*** Opening DATA ***

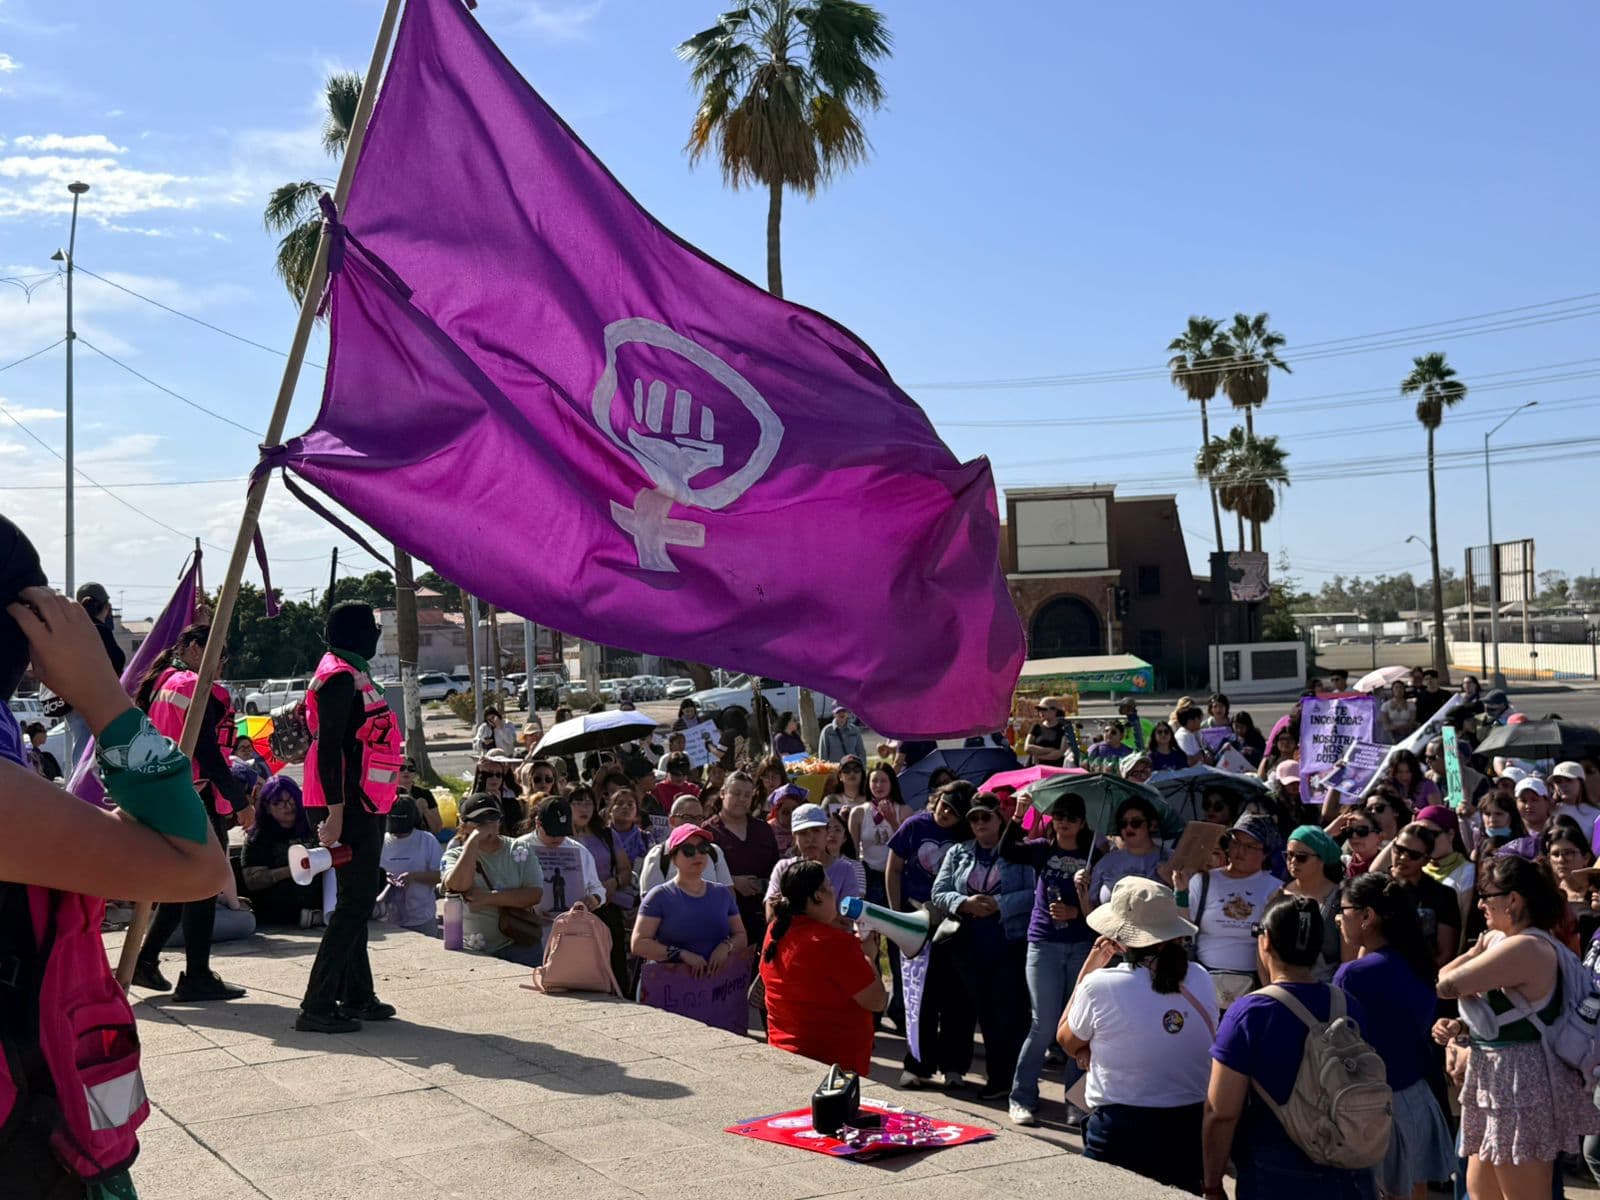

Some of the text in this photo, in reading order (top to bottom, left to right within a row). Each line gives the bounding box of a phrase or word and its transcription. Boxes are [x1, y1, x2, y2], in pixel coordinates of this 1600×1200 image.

[1331, 725, 1338, 735] A
[1312, 734, 1363, 746] NOSOTRA
[1323, 744, 1344, 754] NOS
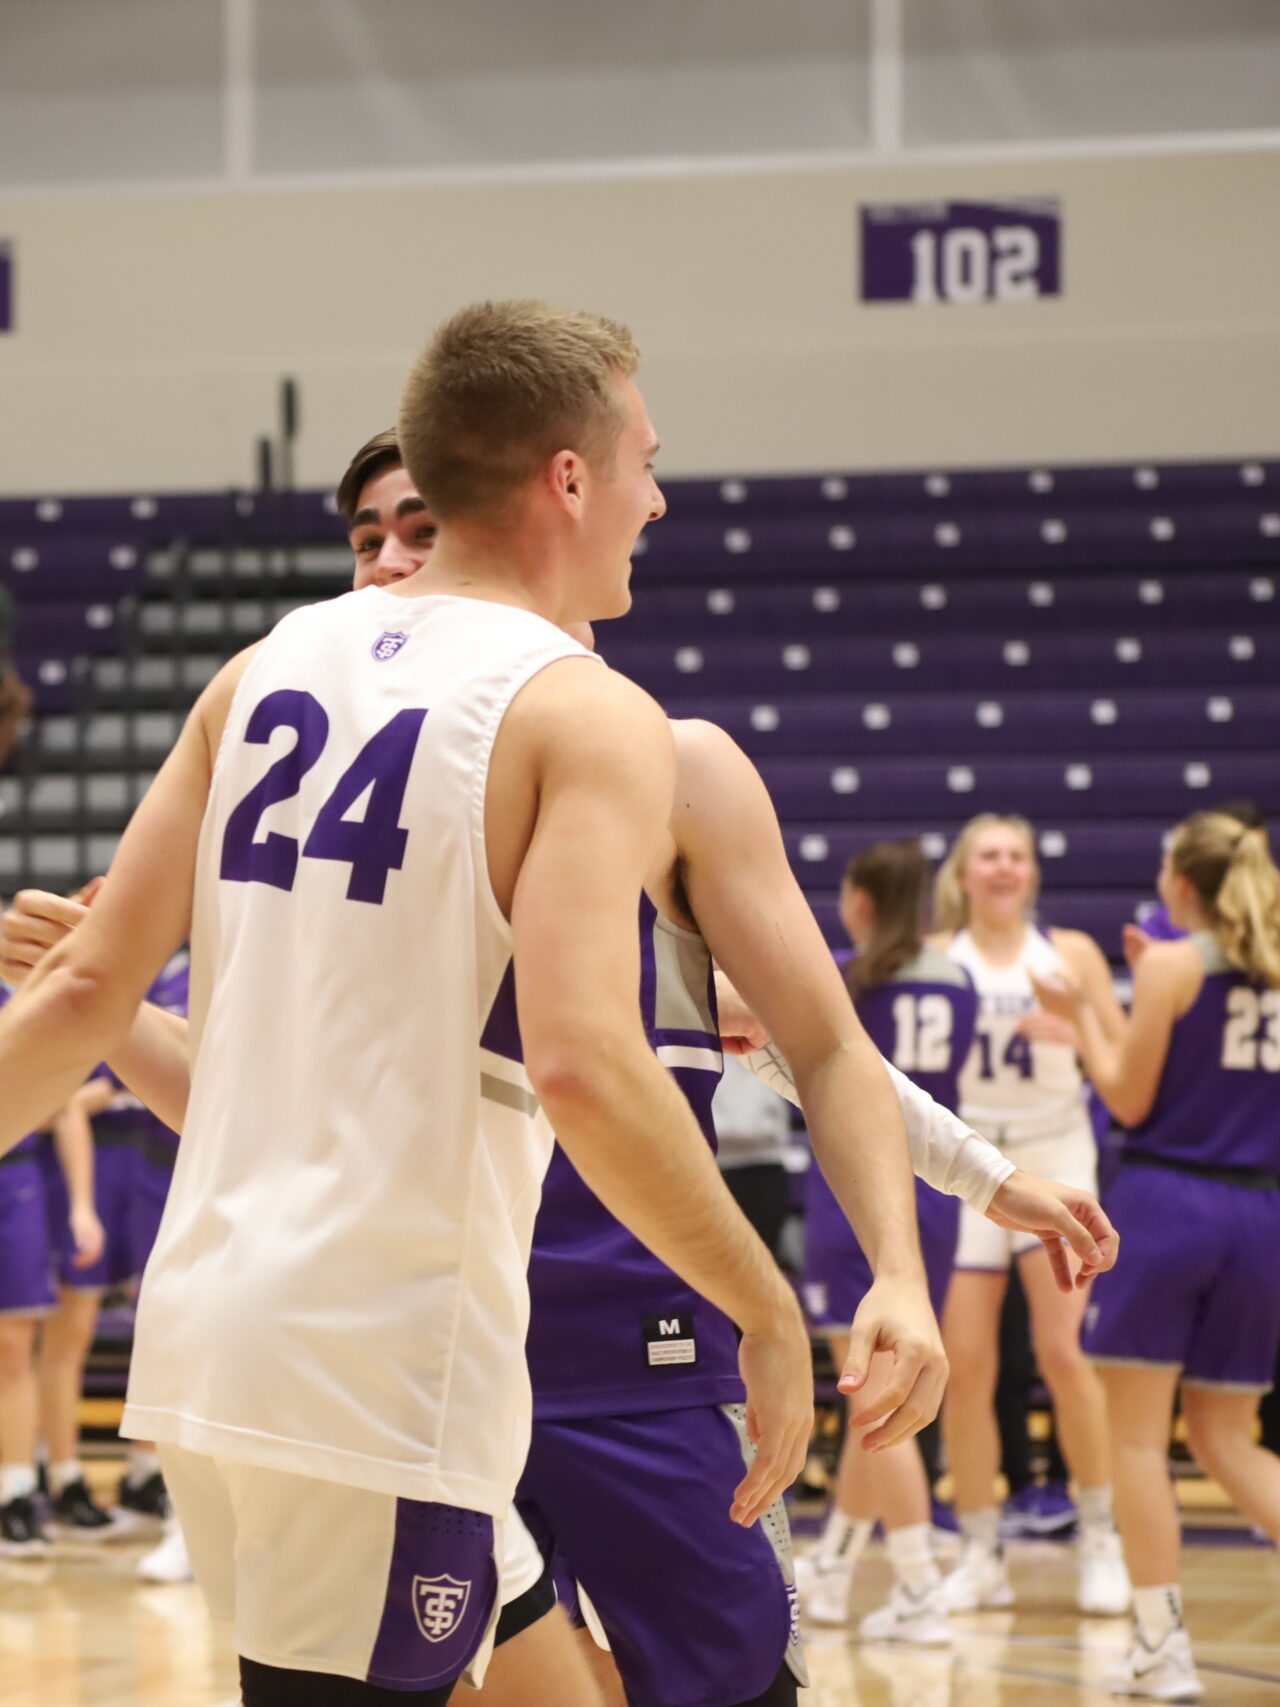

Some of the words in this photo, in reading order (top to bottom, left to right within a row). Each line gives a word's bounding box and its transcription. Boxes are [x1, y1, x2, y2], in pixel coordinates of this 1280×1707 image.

[911, 225, 1040, 306] 102
[220, 688, 429, 905] 24
[892, 993, 953, 1073] 12
[977, 1030, 1035, 1081] 14
[658, 1318, 680, 1335] M

*** Closing DATA ***

## EXERCISE GOAL
Your job is to transcribe the records exactly and in full. Pictures are not part of the copy.

## YOUR RESPONSE
Some of the text in this photo, in reading order (top to bottom, left to right within a row). Each line gives the bounding box of a phrase or word and its transcription. Boxes are [x1, y1, x2, y2], in pixel coordinates of this 1600×1200 image.

[1331, 725, 1338, 735] A
[1312, 734, 1363, 746] NOSOTRA
[1323, 744, 1344, 754] NOS

Some of the words in this photo, in reading order (top to bottom, left to right within a row). Each line gives a word's bounding box and its transcription. Boxes are [x1, y1, x2, y2], in pixel coordinates of this 1280×1707 image.

[911, 225, 1040, 306] 102
[220, 688, 429, 905] 24
[892, 993, 953, 1073] 12
[977, 1030, 1035, 1081] 14
[658, 1318, 680, 1335] M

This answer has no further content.